What are the characteristic symptoms of interstitial lung disease?

Answer 44

SOB and dry cough

Question 45

What kind of granulomas are associated with sarcoidosis: caseating or non-caseating?

Answer 45

Non-caseating

Question 46

In which group of people is sarcoidosis more common?

Answer 46

Afro-carribeans

Question 47

What are the investigations for sarcoidosis?

Answer 47

• Chest X-ray (BHL), CT scan of lungs (peripheral nodular infiltrate)
• Tissue biopsy (eg transbronchial, skin, lymph node) > non-caseating granuloma.
• Pulmonary function: Restrictive defect due to lung infiltrates.
• Blood test:
  
  • Angiotensin Converting Enzyme (ACE) levels as activity marker (NOT diagnostic test).
    
    • Sometimes elevated in sarcoidosis, but is very non-specific
  • Raised calcium
  • Increased inflammatory markers

Question 48

What is the treatment for acute sarcoidosis?

Answer 48

Usually self-limiting condition, but steroids if vital organ affected (eg impaired lung function, heart, eyes, brain, kidneys)

Question 49

What are the symptoms of acute EAA?

Answer 49

Cough, breathless, fever, myalgia (usually several hours after exposure)

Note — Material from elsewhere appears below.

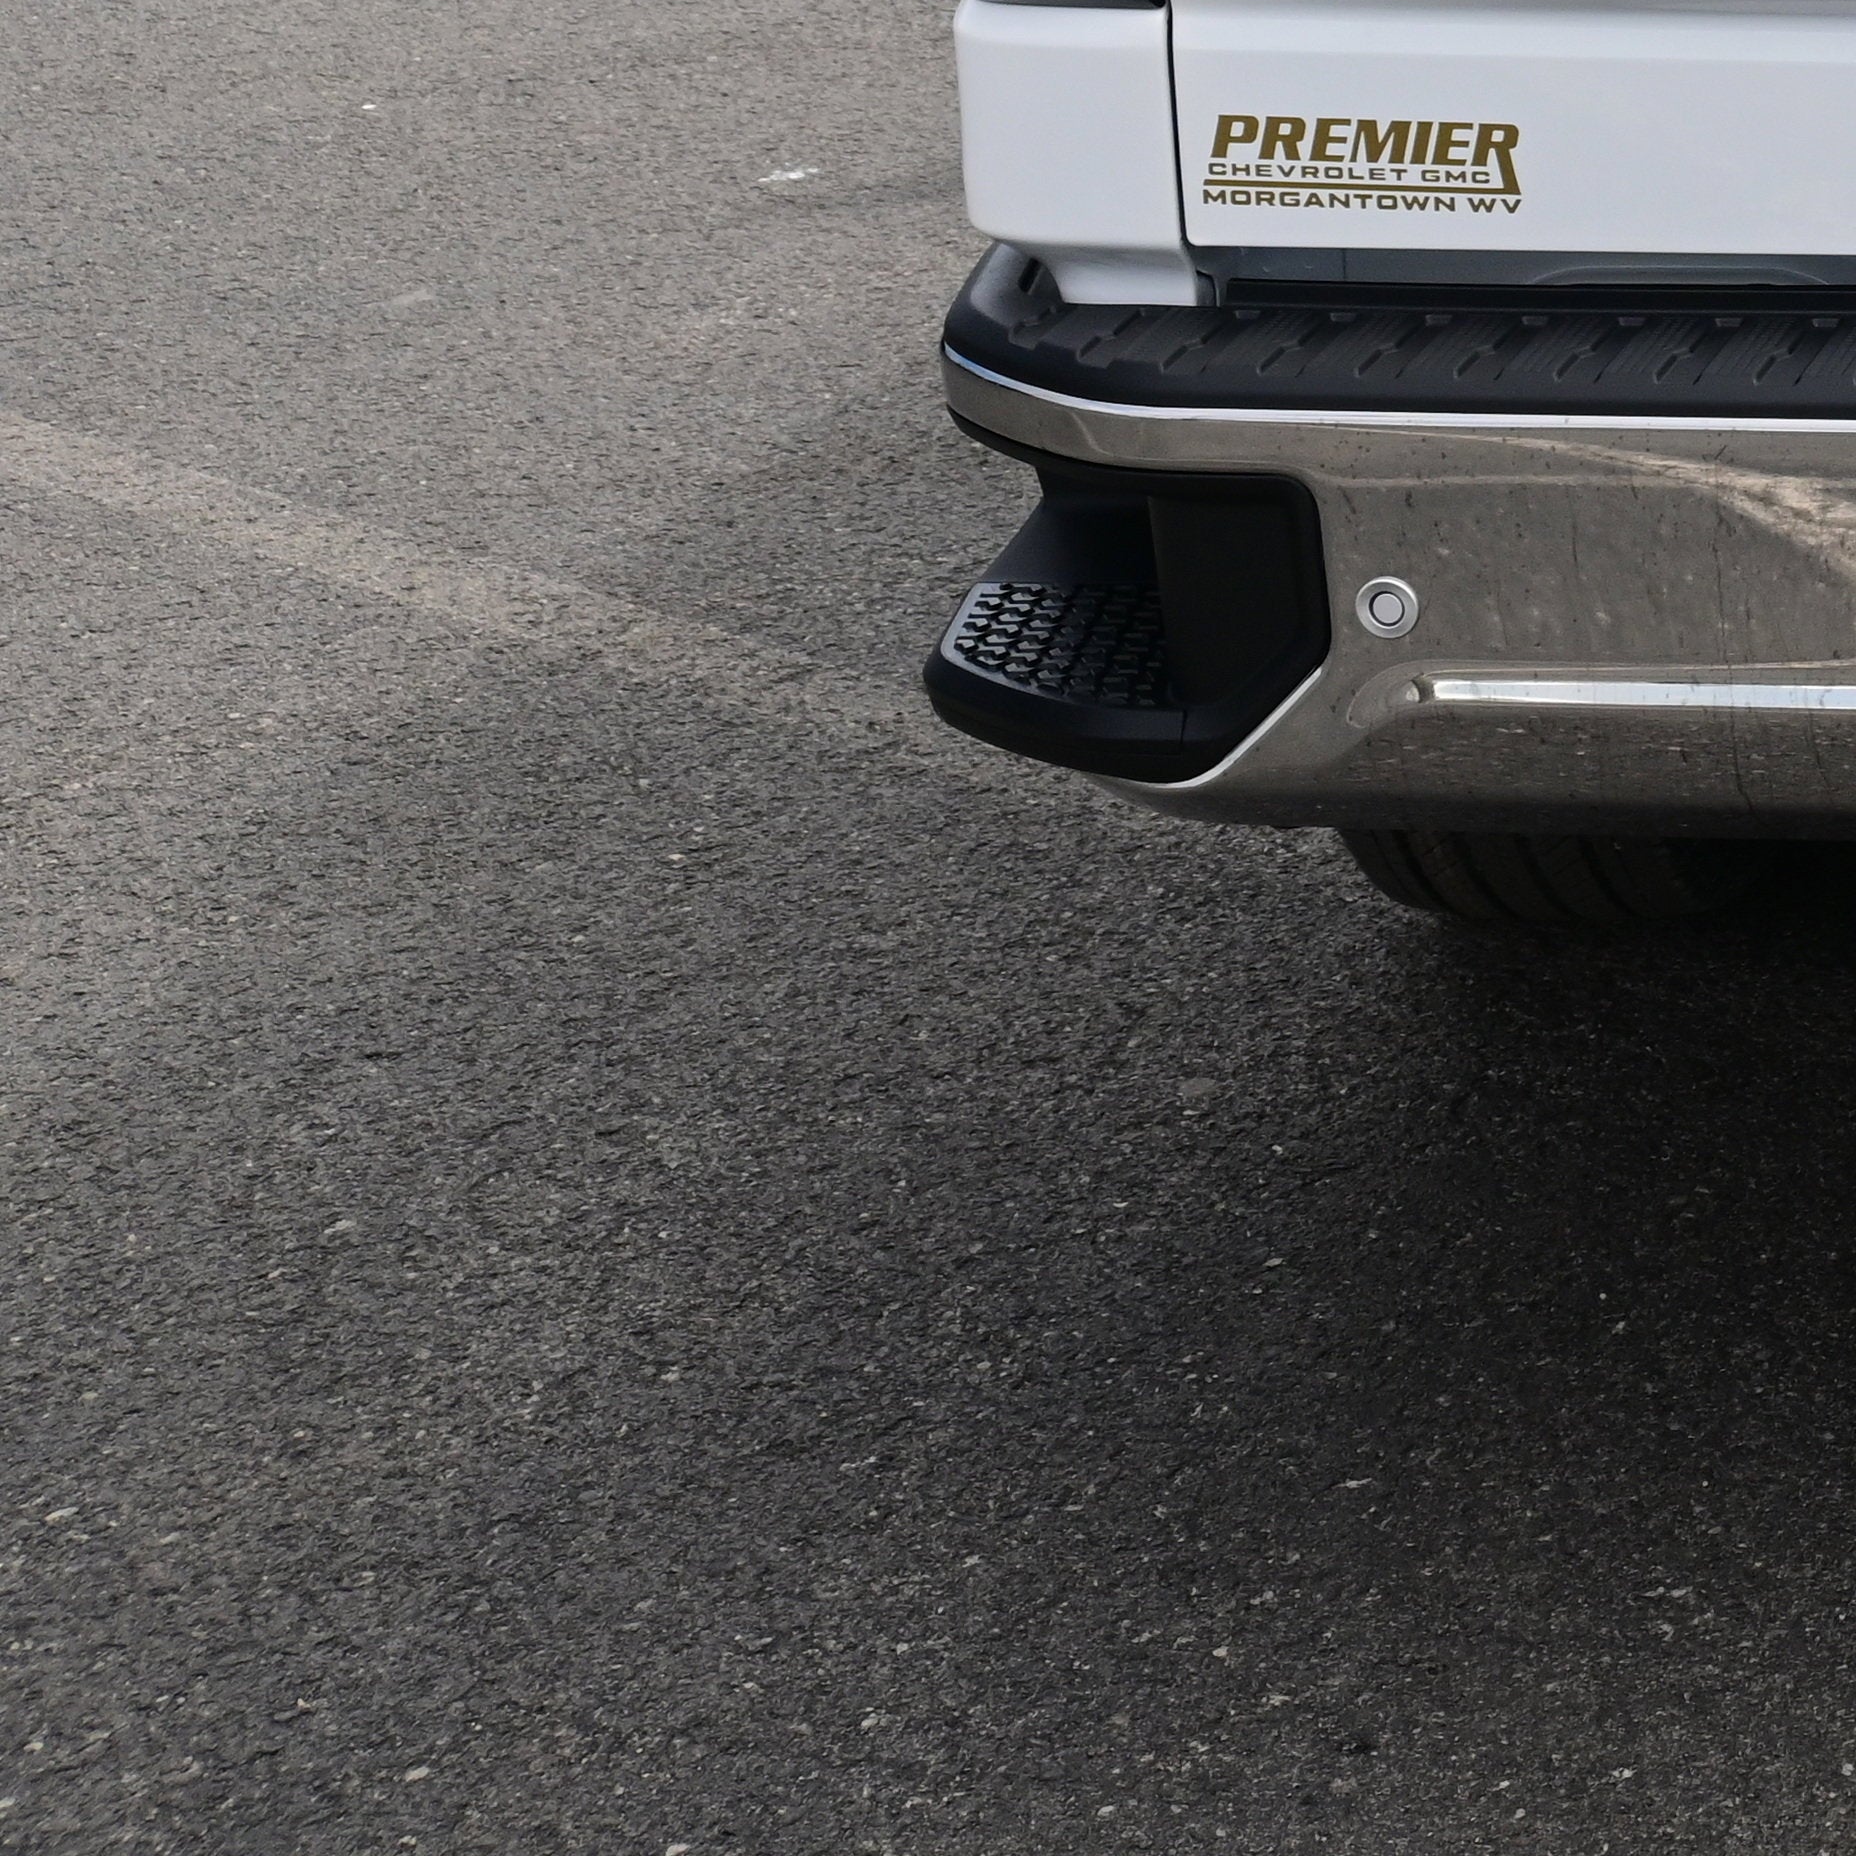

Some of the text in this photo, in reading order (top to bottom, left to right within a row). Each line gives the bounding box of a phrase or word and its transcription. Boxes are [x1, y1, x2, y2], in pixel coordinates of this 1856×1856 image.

[1210, 114, 1522, 195] PREMIER
[1208, 162, 1491, 184] CHEVROLET GMC
[1203, 189, 1522, 214] MORGANTOWN WV

Signs: +/- pyrexia, crackles (no wheeze!), hypoxia

Question 50

What is the treatment for acute EAA?

Answer 50

oxygen, steroids and antigen avoidance

Question 51

What drugs can cause pulmonary fibrosis?

Answer 51

amiodarone, busulphan, bleomycin, penicillamine, nitrofurantoin, methotrexate

Question 52

What are the signs and symptoms of IPF?

Answer 52

• Progressive breathlessness (several years), dry cough
• On examination: clubbing, bilateral fine inspiratory crackles
• Ix: restrictive defect on PFT’s

Question 53

Pirfenidone

Answer 53

A new antifibrotic drug

Question 54

Caplan’s syndrome

Answer 54

rheumatoid pneumoconiosis (pulmonary nodules)

Question 55

What causes silicosis?

Answer 55

15-20 years exposure to quartz (eg mining, foundry workers, glass workers, boiler workers).

Question 56

Asbestosis

Answer 56

Fibrosis due to asbestos exposure

Question 57

What are the 4 main types of pleural disease in asbestosis?

Answer 57

1. Benign pleural plaques - asymptomatic
2. Acute asbestos pleuritis - fever, pain, bloody pleural effusion
3. Pleural Effusion and Diffuse pleural thickening- Restrictive impairment
4. Malignant Mesothelioma - incurable pleural cancer.